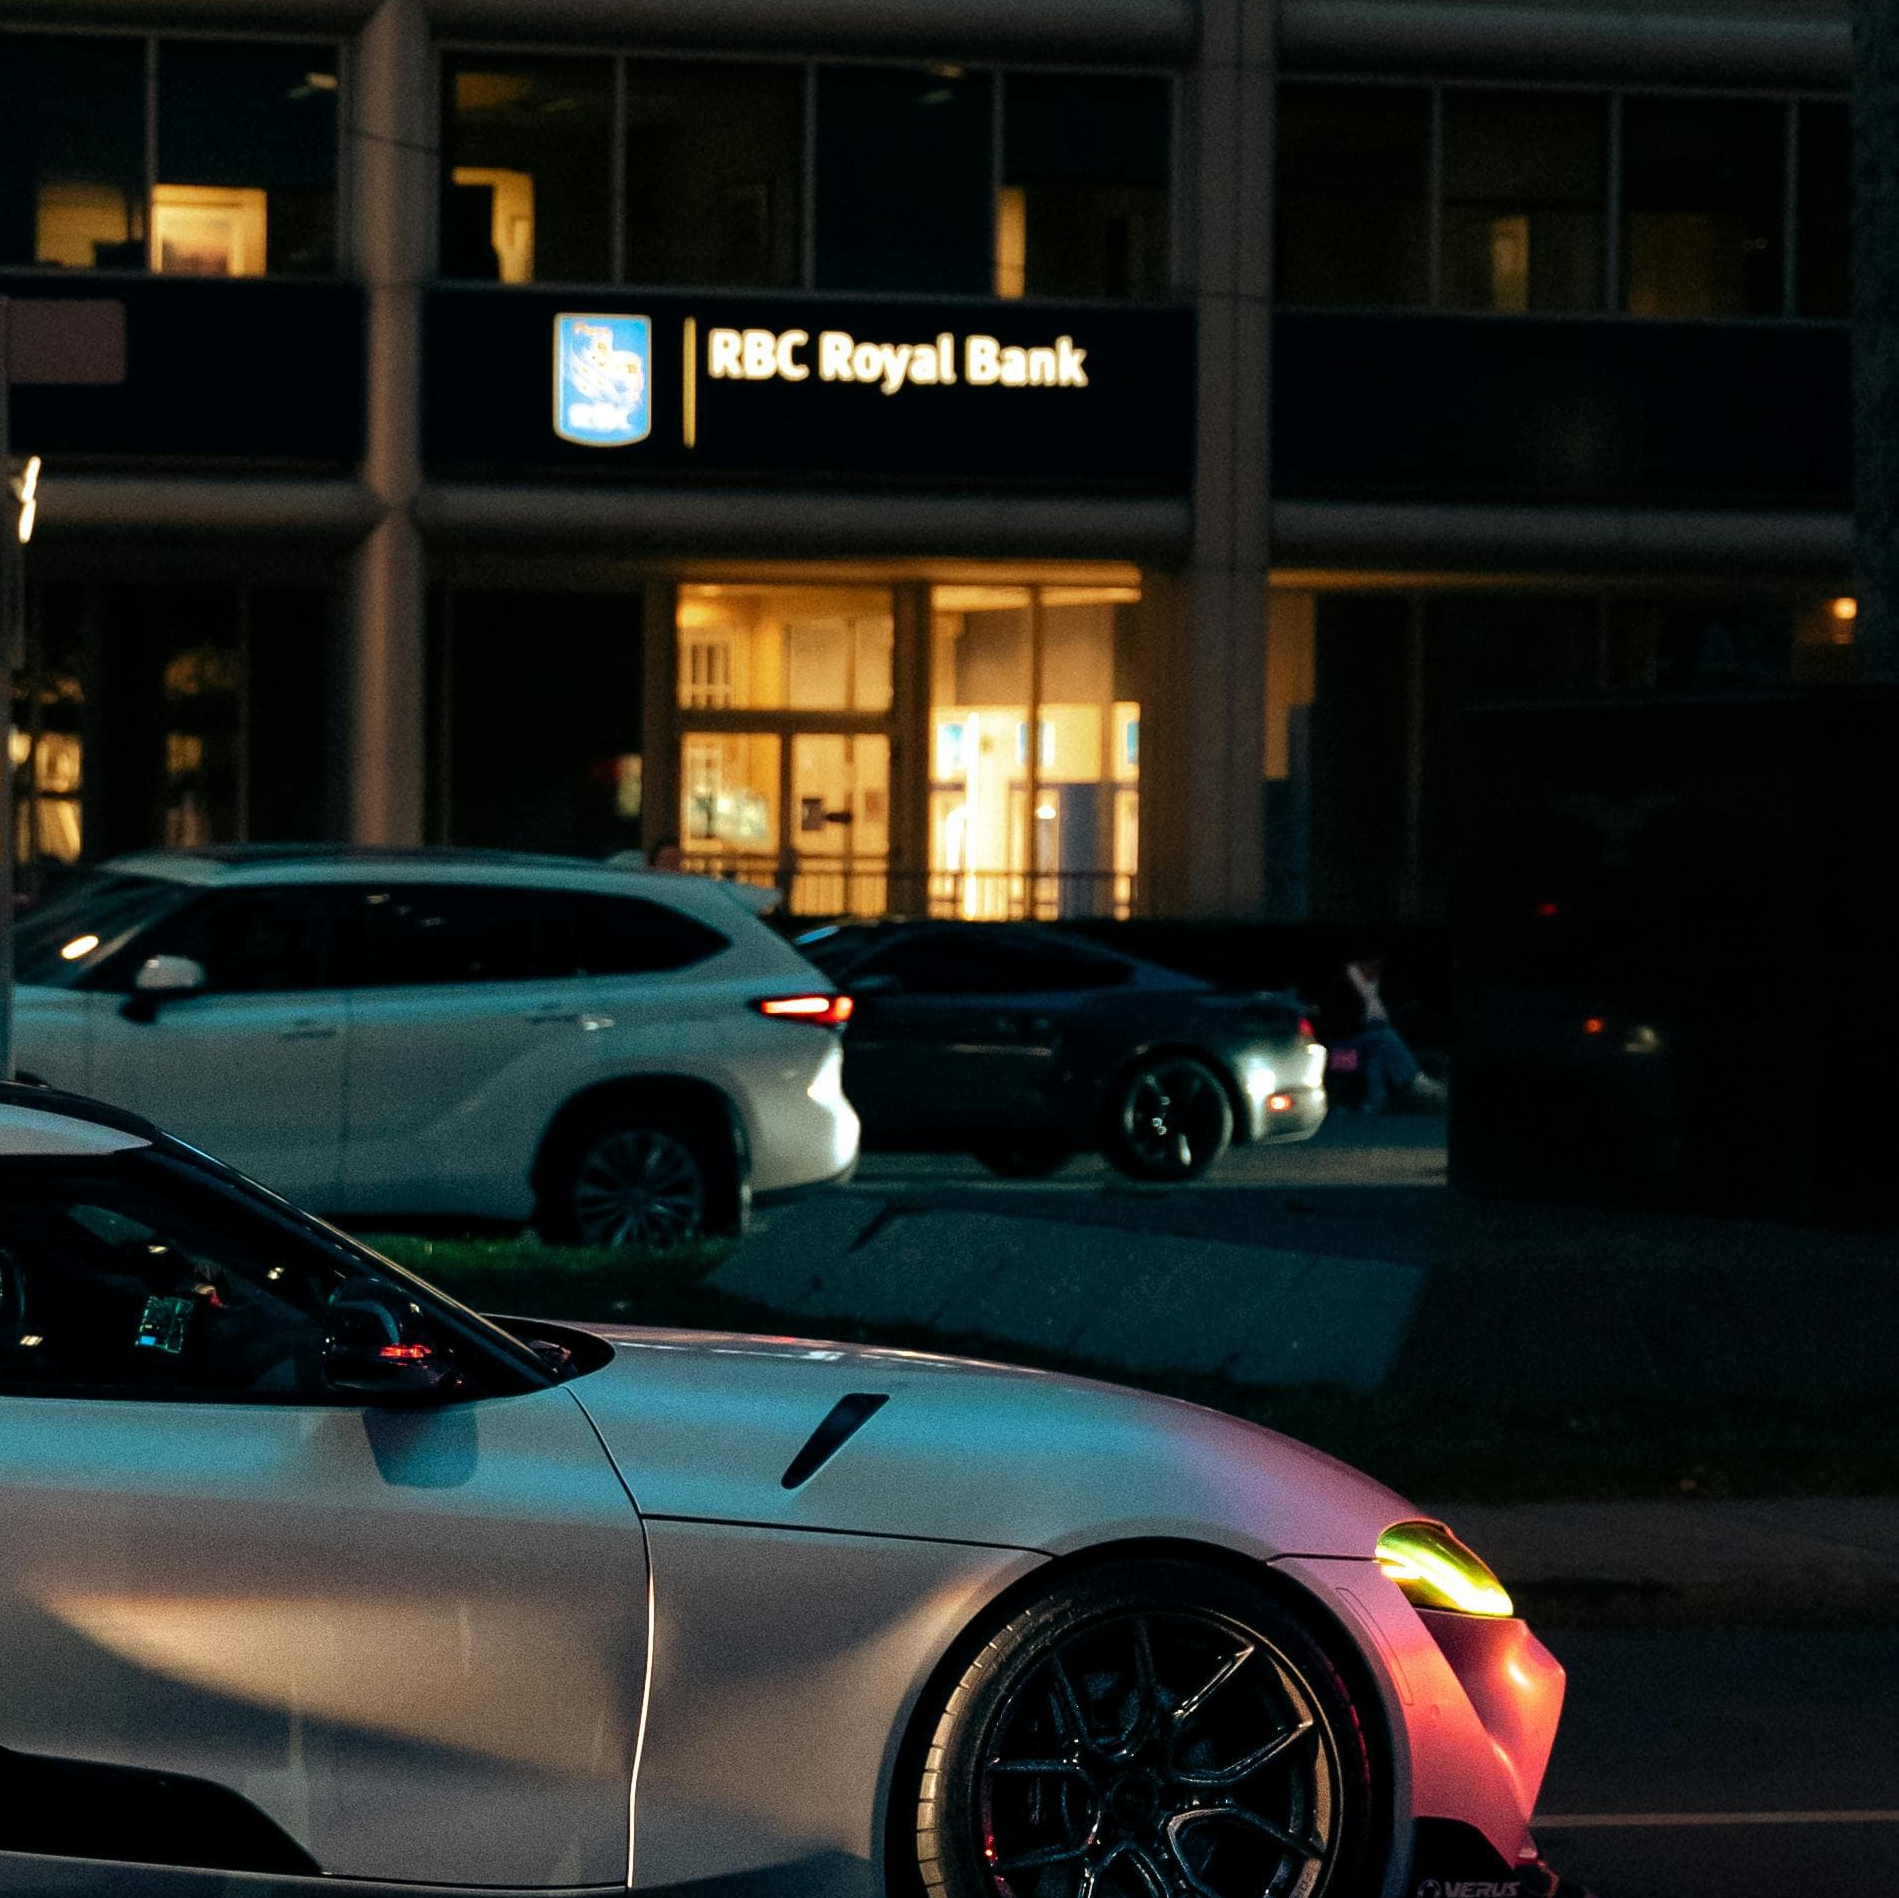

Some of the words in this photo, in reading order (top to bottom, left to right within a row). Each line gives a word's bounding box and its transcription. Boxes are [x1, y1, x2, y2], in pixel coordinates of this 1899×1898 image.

[708, 328, 809, 381] RBC
[819, 331, 957, 395] Royal
[965, 334, 1089, 387] Bank
[1443, 1880, 1521, 1898] VERUS
-*-*-
The task:
All of the entries, apart from the pictures, must be returned exactly.

Task answer:
Some of the words in this photo, in reading order (top to bottom, left to right within a row). Each line gives a word's bounding box and its transcription. Boxes are [x1, y1, x2, y2], in pixel coordinates of this 1899×1898 image.

[708, 328, 809, 381] RBC
[819, 331, 957, 395] Royal
[965, 334, 1089, 387] Bank
[1443, 1880, 1521, 1898] VERUS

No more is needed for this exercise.